Non-readers (Computers and Reviewers)

Ted Underwood’s machine learning algorithm predicts the probability that a given work is part of the set of works reviewed in a group of prestigious publications. In the case of poetry from 1820 – 1899, the prediction is almost 80% accurate. (This requires that probabilities be collapsed into the categories of more likely to be reviewed than not, and vice versa.)

In its training phase, the algorithm does something a human could never do: it identifies groups of words whose presences/absences are most likely to sort the work into the correct category: reviewed or unreviewed (an approximation of prestigious or not-prestigious). Computers are good at counting; humans are not. Even though what the computer does is extremely different from human reading, some differences between the prestigious words and the non-prestigious words are actually recognizable to humans. As Underwood puts it, “All of this boils down to a fairly clear contrast between embodied lyric subjectivity and an older mode of poetic authority that is more didactic, sentimental, and collective” (84). Of course, Underwood chooses the most representative passages for his article. Contrasts in diction might not be clear to modern readers–or past reviewers–across the whole dataset. We also have no idea what went on in the minds of reviewers.

That said, the predictive value of diction might bolster the idea, put forth by Arnold Bennett, that to the reviewer, “The narrative everywhere discloses … the merits and defects of the writer; no author ever lived who could write a page without giving himself away” (97). Diction is apparent even from small samples. So if reviewers were compelled to only sample a work before determining whether it might be reviewed or not, diction might have been a useful feature to register (whether consciously or not). According to Bennett, the title page is also extremely useful to the reviewer, but Underwood strips this kind of material from his texts. I wonder if a model could be trained on the smaller data set of paratexts. Would it be too difficult to encode aesthetic and material features?

Ulysses Large and Small

Browsing the two appearances of the “Wandering Rocks” episode of Ulysses in the Little Review and the Egoist led me to think about format–specifically, the ways in which publication format might offer another angle to discuss the allegiances of these little magazines to existing trends in periodical publication. In many ways, the Little Review’s format makes it a magazine that resembles a book: according to its physical description on the Modernist Journals Project site, it’s 21.9 x 14.6 cm, in line with the size of a larger quarto but by no means huge; the text is set in a single column, a familiar bookish layout; the margins are wide. The Egoist, on the other hand, is much larger at 31.5 x 21 cm; it features type set in two columns, in what appears to be a smaller typeface; its margins are slim. The genre with which the Egoist aligns itself is more manifestly periodical: that is, it looks like a newspaper.
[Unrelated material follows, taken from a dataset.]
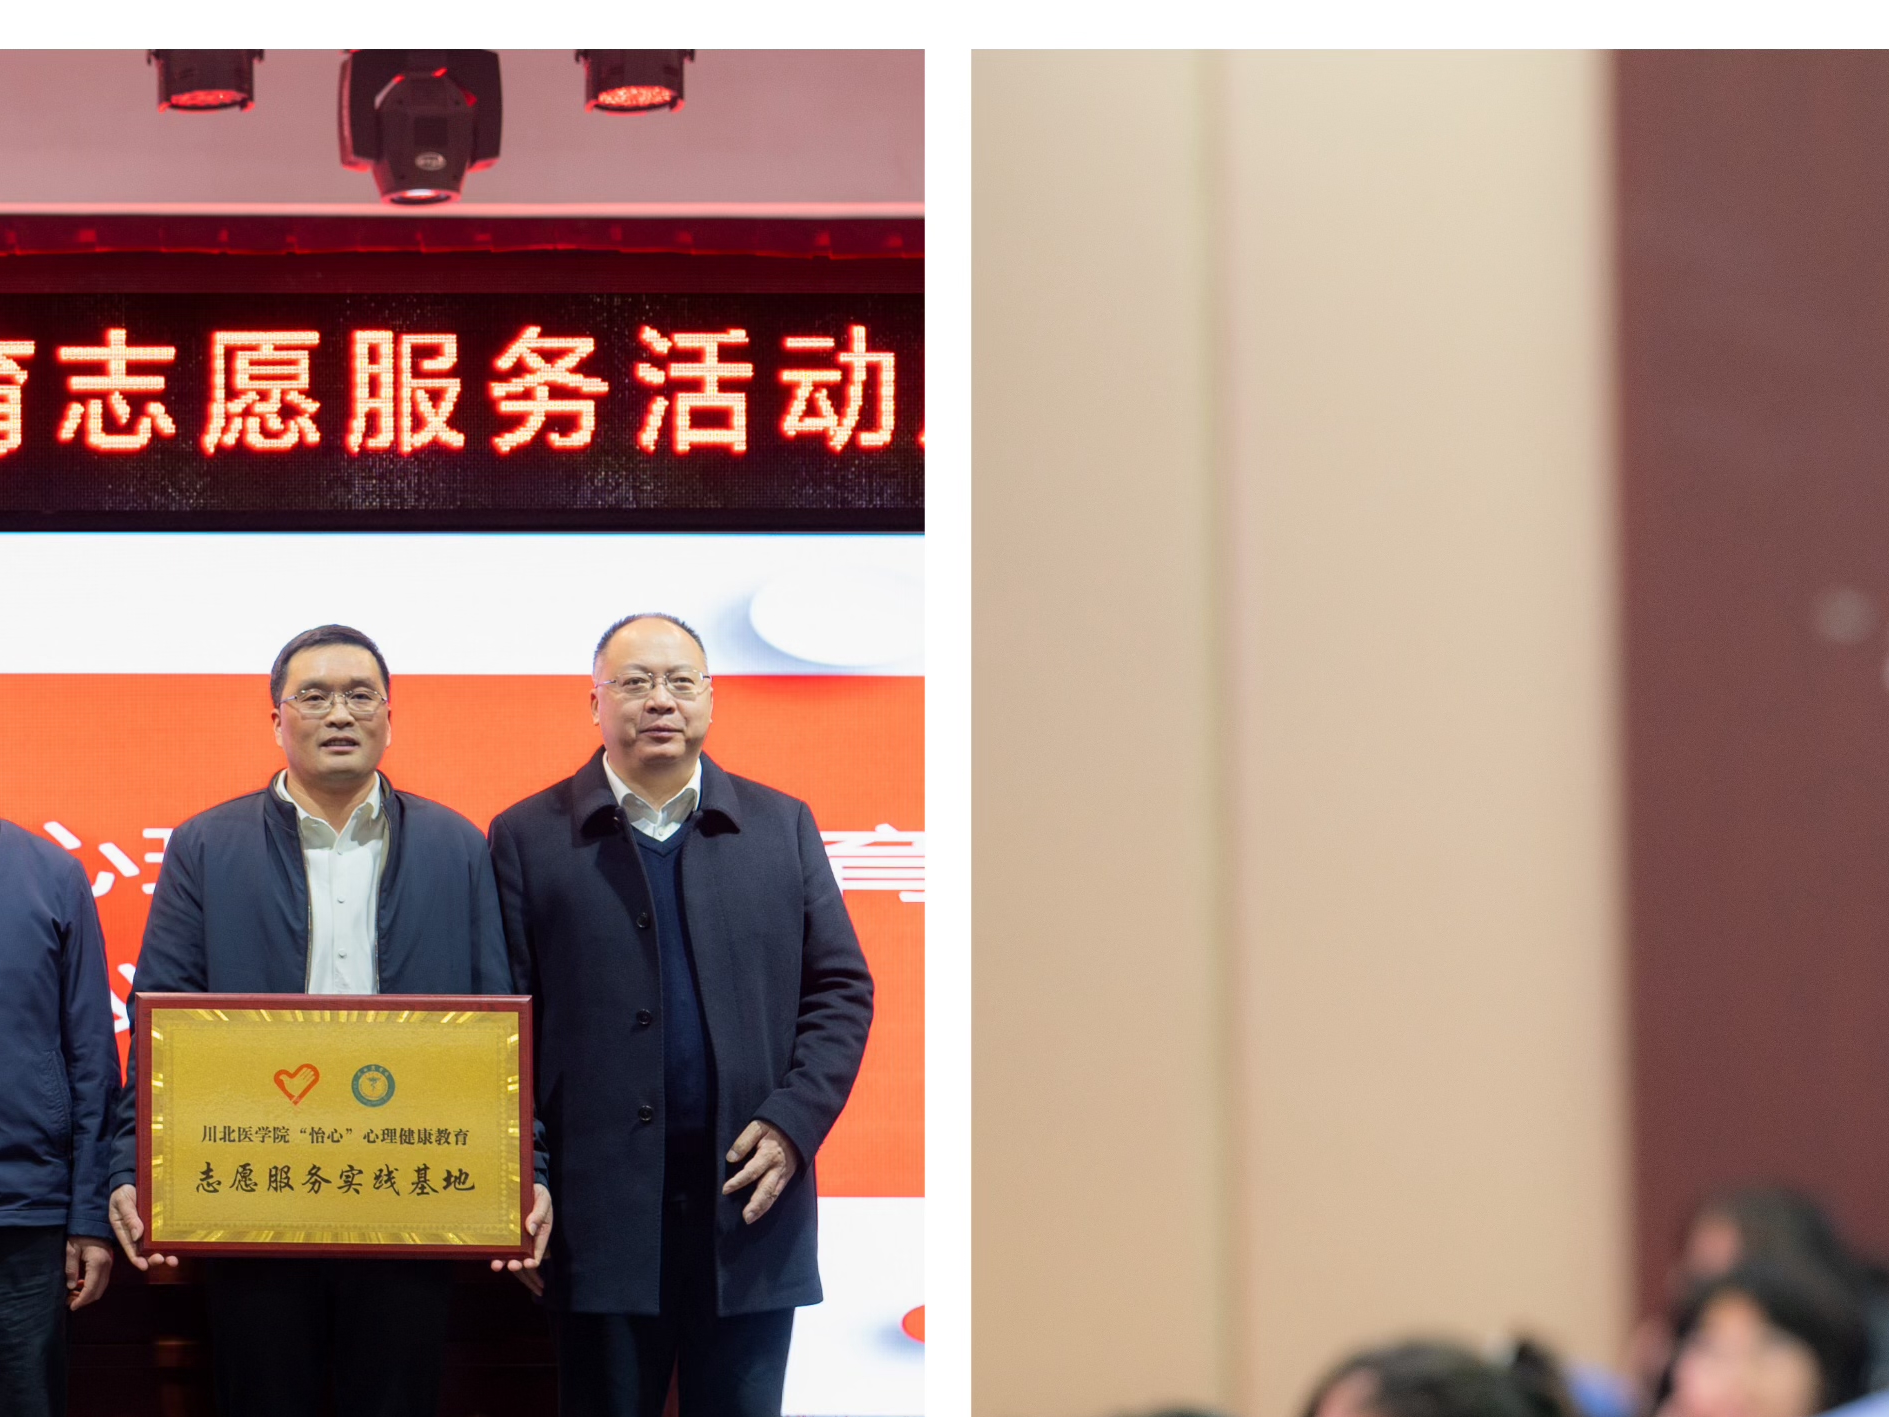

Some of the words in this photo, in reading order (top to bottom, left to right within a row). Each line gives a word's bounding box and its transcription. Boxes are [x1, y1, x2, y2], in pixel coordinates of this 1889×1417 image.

[202, 1125, 470, 1147] 川北医学院“怡心”心理健康教育
[196, 1161, 476, 1196] 志愿服务实践基地
This discrepancy can be pretty readily explained–the Little Review came out less frequently; we know from Morrisson all about the Egoist’s financial difficulties by 1919, so it makes sense to save on paper by packing text into the page, etc. However, what remains to be explained is the effect on the reading experience these format differences entail, and what these differences imply about these two publications’ relationships to existing kinds of print. Would a reader’s relationship to Ulysses be different if they initially read it in the Little Review’s booklike format, or as a newspaperish column in the Egoist? (or is that too much interpretive pressure to put on format?) As Morrisson established, these little magazines drew on formal characteristics and strategies of commercial publications whose reliance on the market they opposed; what part does the material format of these publications play in that calculation of commercial inspiration versus artistic aspiration? Do these format differences indicate that the Little Review and the Egoist are angling for different positions in the modernist marketplace?